Le premier sentiment que j'ai ressenti en découvrant les résultats du vote français pour les élections européennes c'est la honte. Honte de voir le parti de la peur et du repli sur soi devenir majoritaire. Honte de faire partie de ce pays, qui se distingue à l'échelle de l'Europe en étant le premier de cette importance à placer si haut l'extrême droite. Oui, j'ai d'abord eu honte d'être français. Mais finalement je n'ai pas à avoir honte : je n'ai rien à voir avec ceux qui choisissent le rejet du différent de soi.

Alors j'ai senti de la colère ! Colère d'être assimilé de fait à cette France qui se hisse à une place honteuse au niveau mondial : plus grande démocratie à choisir le retour en arrière, le recul peureux, le rejet de l'autre. Tristesse. J'ai l'impression de me voir spolié et cela éveille en moi une poussée de patriotisme révolté. J'en veux aux abstentionnistes, qui laissent le champ libre à ceux qui, eux, se mobilisent pour faire passer leurs idées aussi nauséabondes que rétrogrades.
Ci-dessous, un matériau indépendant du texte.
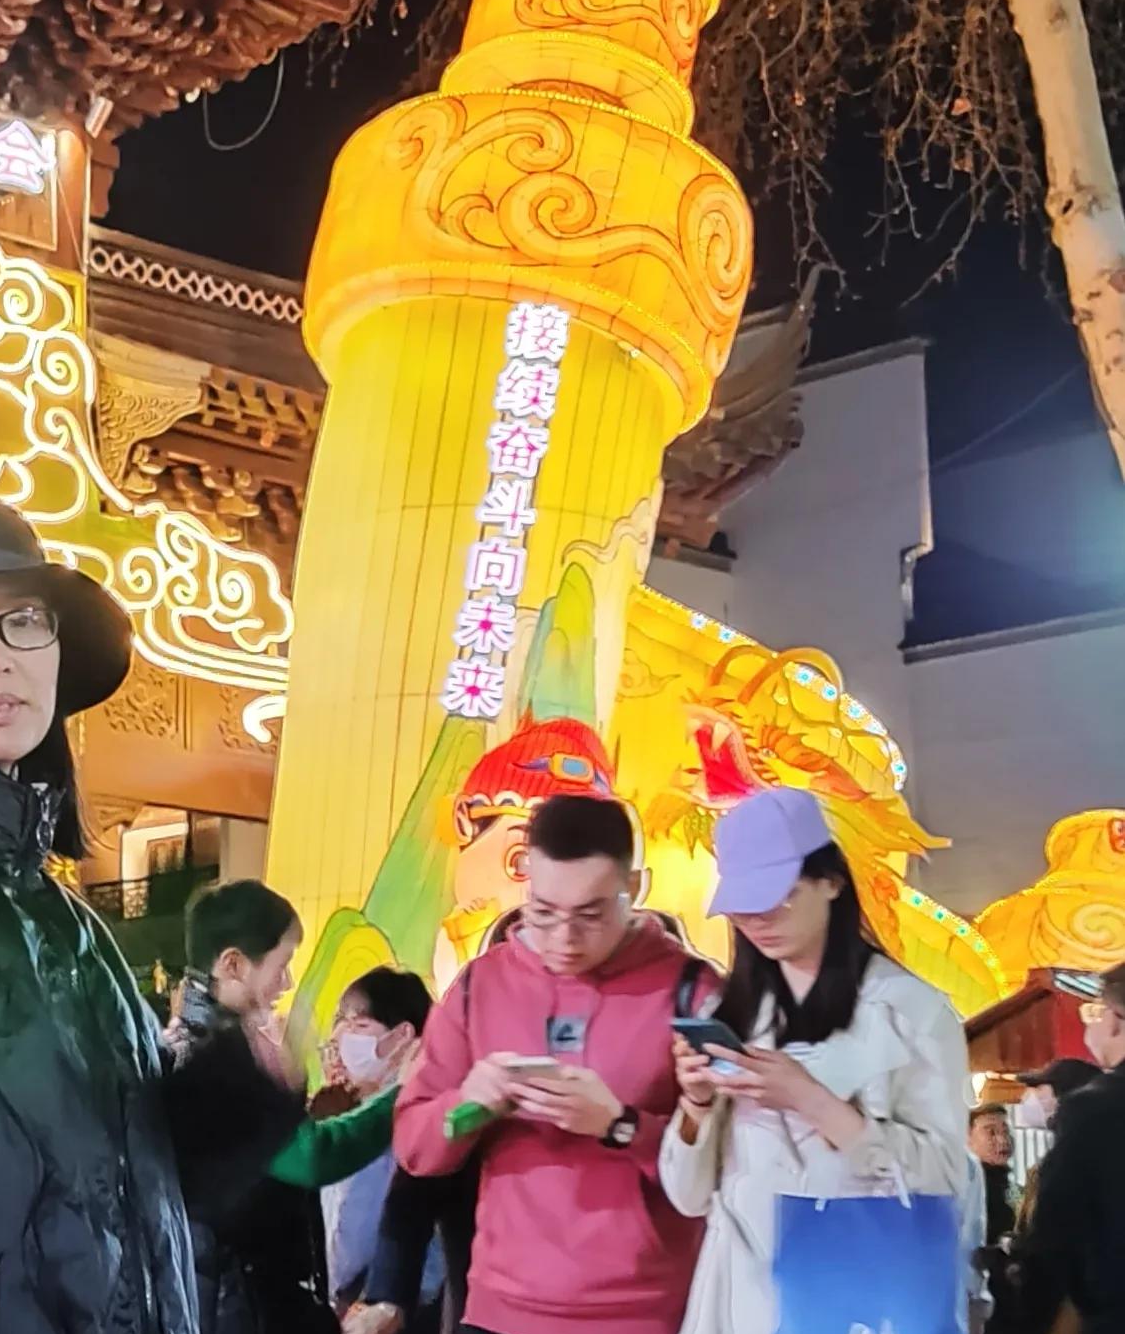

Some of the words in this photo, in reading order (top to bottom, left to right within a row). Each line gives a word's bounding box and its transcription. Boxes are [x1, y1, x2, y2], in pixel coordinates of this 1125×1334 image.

Et puis finalement je me dis que nous n'avons que ce que nous méritons. Tous co-responsables, chacun à notre niveau. La part de responsabilité qui me revient c'est de ne pas suffisamment connaître les faits et chiffres qui contredisent des discours insidieux; c'est de ne pas affirmer avec davantage de fermeté mes convictions; c'est de ne pas réagir plus vivement lorsque j'entends des propos discriminants et xénophobes; c'est de ne pas savoir quoi répondre à de fausses évidences.